Each director receives a $750 monthly retainer as well as $750 for each
Board meeting attended; subject to the provision that the meeting compensation
is reduced by 50% if the director participates by conference call. In addition,
each director receives an option at the end of each calendar quarter to purchase
1,500 shares of Common Stock. This option vests immediately with a term of five
years from the date of grant and is granted at an exercise price equal to the
closing price of the Common Stock on the date of grant. Effective February 24,
1999, the Board revised the Board compensation policy prospectively so that the
$750 paid monthly and for each Board meeting attended is not paid to directors
who are also employed by the Company. In addition, the Board has agreed to pay
Mr. Lieberman at the rate of $15,000 per annum for acting as Chairman of the
Board.
COMMITTEES OF THE BOARD
The Board has established three standing committees to assist it in
carrying out its responsibilities: the Compensation and Stock Option Committee,
the Audit Committee and the Executive Committee.

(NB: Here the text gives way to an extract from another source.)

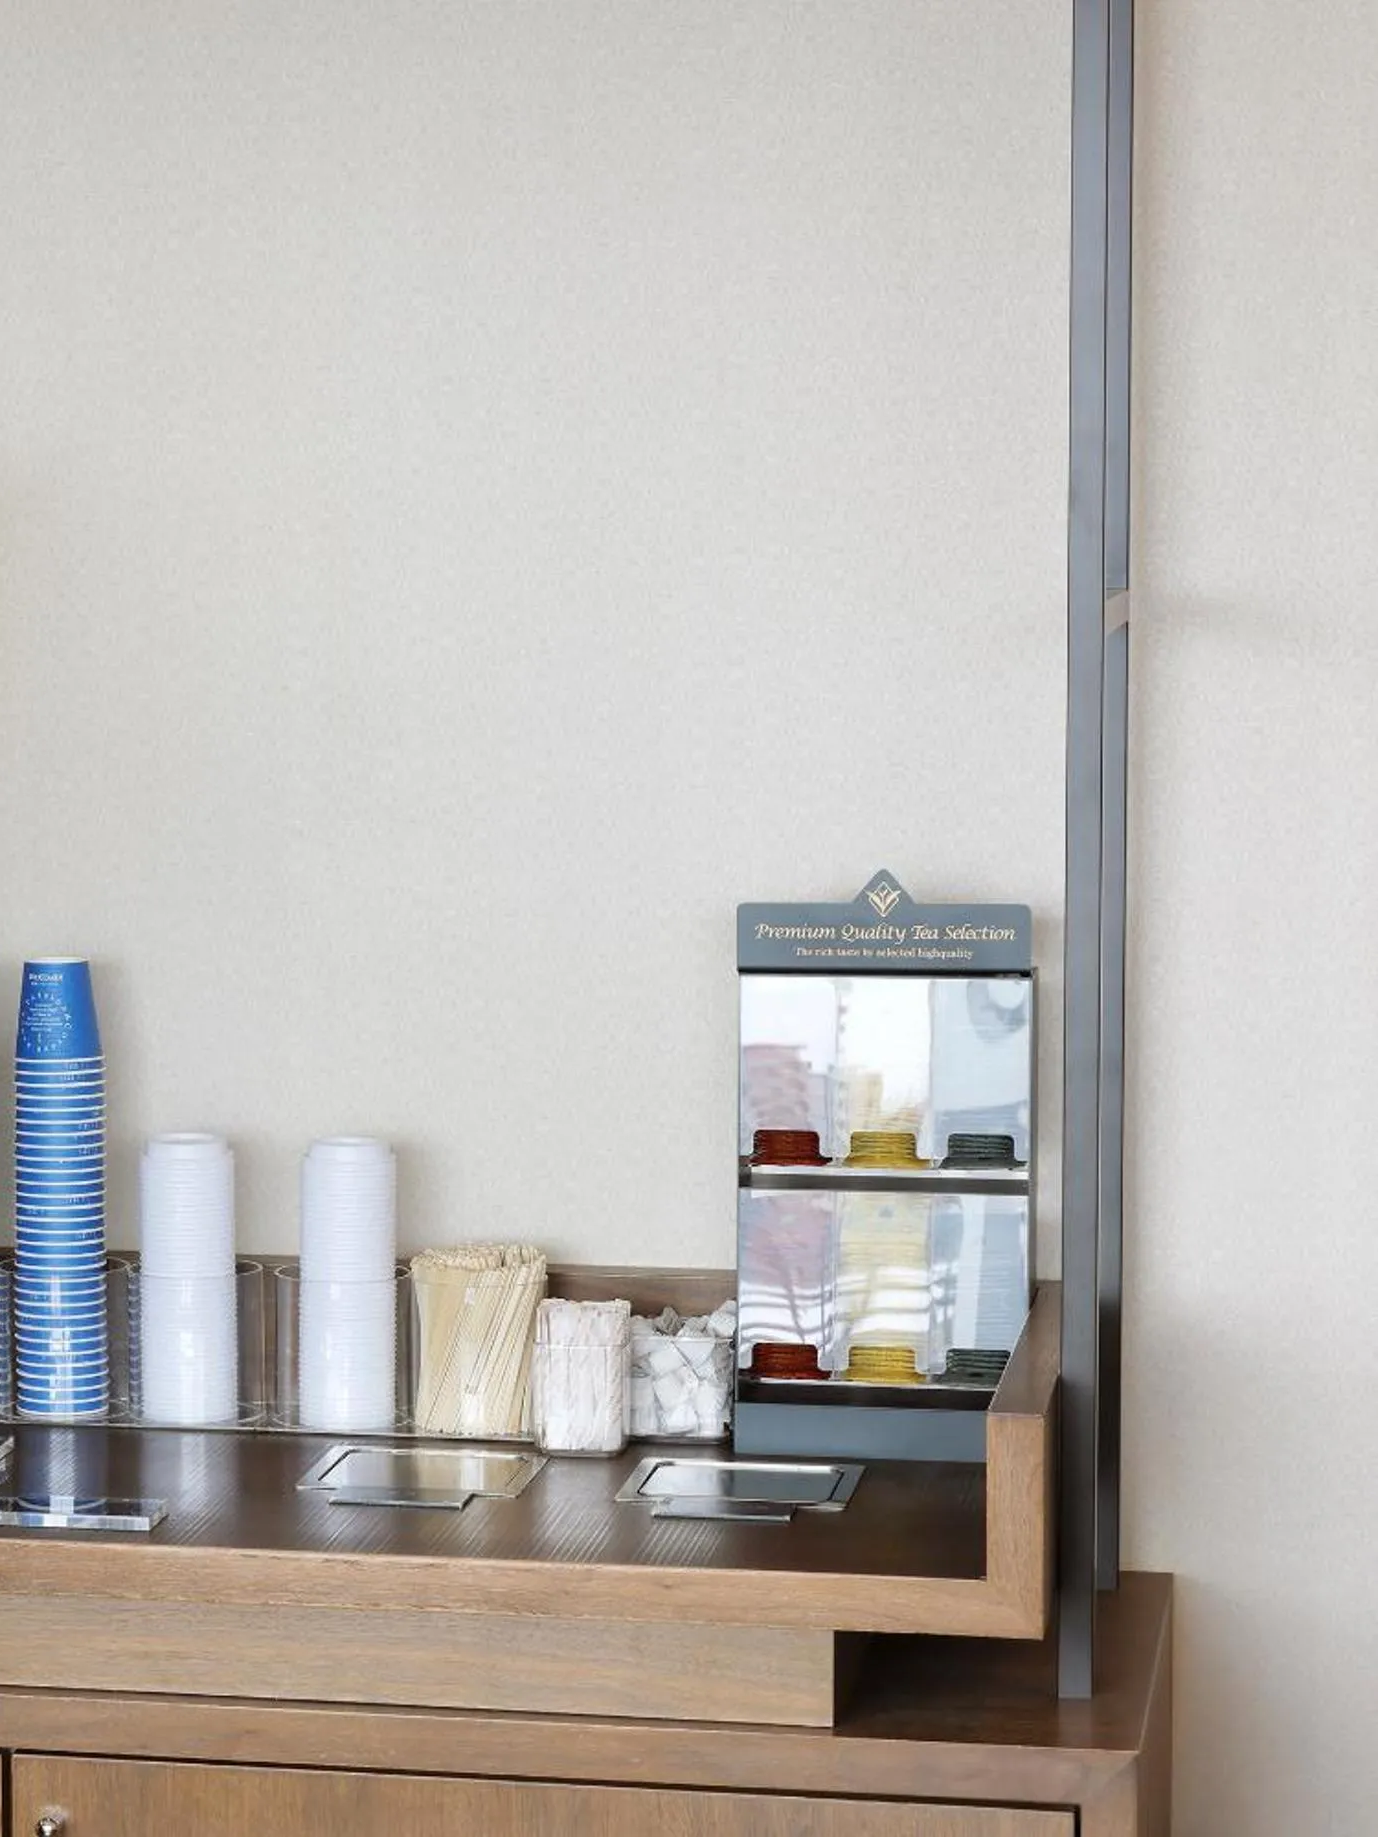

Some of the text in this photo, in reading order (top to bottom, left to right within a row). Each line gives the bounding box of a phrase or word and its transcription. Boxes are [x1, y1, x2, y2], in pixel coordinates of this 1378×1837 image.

[754, 921, 1016, 945] Premium Quality Tea Selection

The members of the Compensation and Stock Option Committee are currently
Joseph C. Abeles (Chair) and Patricia C. Barron. Richard A. Hansen was a member
until he resigned as a director on June 29, 2001. The Compensation and Stock
Option Committee has general responsibility for recommending to the Board
remuneration for the Chairman and determining the remuneration of other officers
elected by the Board, granting stock options and otherwise administering the
Company's stock option plans, and approving and administering any other
compensation plans or agreements.
The members of the Audit Committee are Carl H. Rosner (Chair), Ranjit
Singh and Patricia C. Barron. This committee has oversight responsibility for
reviewing the scope and results of the independent auditors' annual examination
of the Company's financial statements, meeting with the Company's financial
management and the independent auditors to review matters relating to internal
accounting controls, the Company's accounting practices and procedures and other
matters relating to the financial condition of the Company, and recommending to
the Board of Directors the appointment of the independent auditors.

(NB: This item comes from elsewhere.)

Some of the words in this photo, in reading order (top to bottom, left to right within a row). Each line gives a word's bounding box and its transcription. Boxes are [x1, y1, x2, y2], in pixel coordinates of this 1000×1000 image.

The members of the Executive Committee are Joseph C. Abeles (Chair),
Arthur M. Lieberman, Carl H. Rosner and John D. Kavazanjian. This committee is
responsible for overseeing such matters as the Board of Directors determines
from time to time.
The Board does not have a Nominating Committee. The Board itself reviews
and recommends qualified candidates to the Board for election as directors of
the Company. The Board will consider persons whom stockholders recommend as
candidates for election as Company directors. Stockholders may submit names of
qualified candidates along with detailed information on their backgrounds to the
Company's Secretary for referral to the Board for consideration.
Each committee member receives $500 for each committee meeting attended;
subject to the provision that the meeting compensation is reduced by 50% if the
committee member participates by conference call. In addition, each committee
chair receives $2,500 per annum.
Page 6
SECURITY OWNERSHIP OF CERTAIN BENEFICIAL OWNERS AND MANAGEMENT
The table below sets forth certain information regarding the beneficial
ownership of shares of the Company's Common Stock as of September 30, 2001 by
(i) each person known by the Company to beneficially own more than five percent
of the outstanding shares of Common Stock, (ii) each director and certain named
executive officers of the Company, and (iii) all directors and executive
officers of the Company as a group. Except as otherwise indicated, the persons
named in this table have sole voting power with respect to all shares of Common
Stock owned based upon information provided to the Company by the directors,
officers and principal stockholders and their addresses are the address of the
Company.
Number of Shares Percent
Beneficially Beneficially
Name Owned Owned (20)
--------------------------------------- ----------------- ------------
State of Wisconsin Investment Board(1) 2,218,600 18.01%
Daeg Partners LLP(2) 1,659,830 13.47%
Intermagnetics General Corporation
("IGC")(3) 897,053 7.28%
Dimensional Fund Advisors Inc.(4) 727,300 5.90%
Ultralife Taiwan, Inc.(5) 700,000 5.68%
Joseph C. Abeles(6) 330,000 2.68%
Joseph N. Barrella(7) 297,000 2.41%
Daniel W. Christman(8) 1,500 *
John D. Kavazanjian(9) 248,500 2.02%
Arthur M. Lieberman(10) 114,900 *
Carl H. Rosner(11) 44,000 *
Ranjit Singh(12) 7,500 *
Patricia C. Barron(13) 10,200 *
Peter F. Comerford(14) 12,200 *
Eric R. Dix(15) 20,000 *
Robert W. Fishback(16) 13,000 *
William A. Schmitz(17) 12,300 *
Julius M. Cirin(18) 18,800 *
Nancy C. Naigle 0 *
All directors and executive
officers as a group (19 persons)(19) 1,129,900 9.17%
----------
* Less than 1%
1. With an address at P.O. Box 7842, Madison, Wisconsin 53707. Based on
Amendment No. 6 to Form 13G filed August 10, 2001.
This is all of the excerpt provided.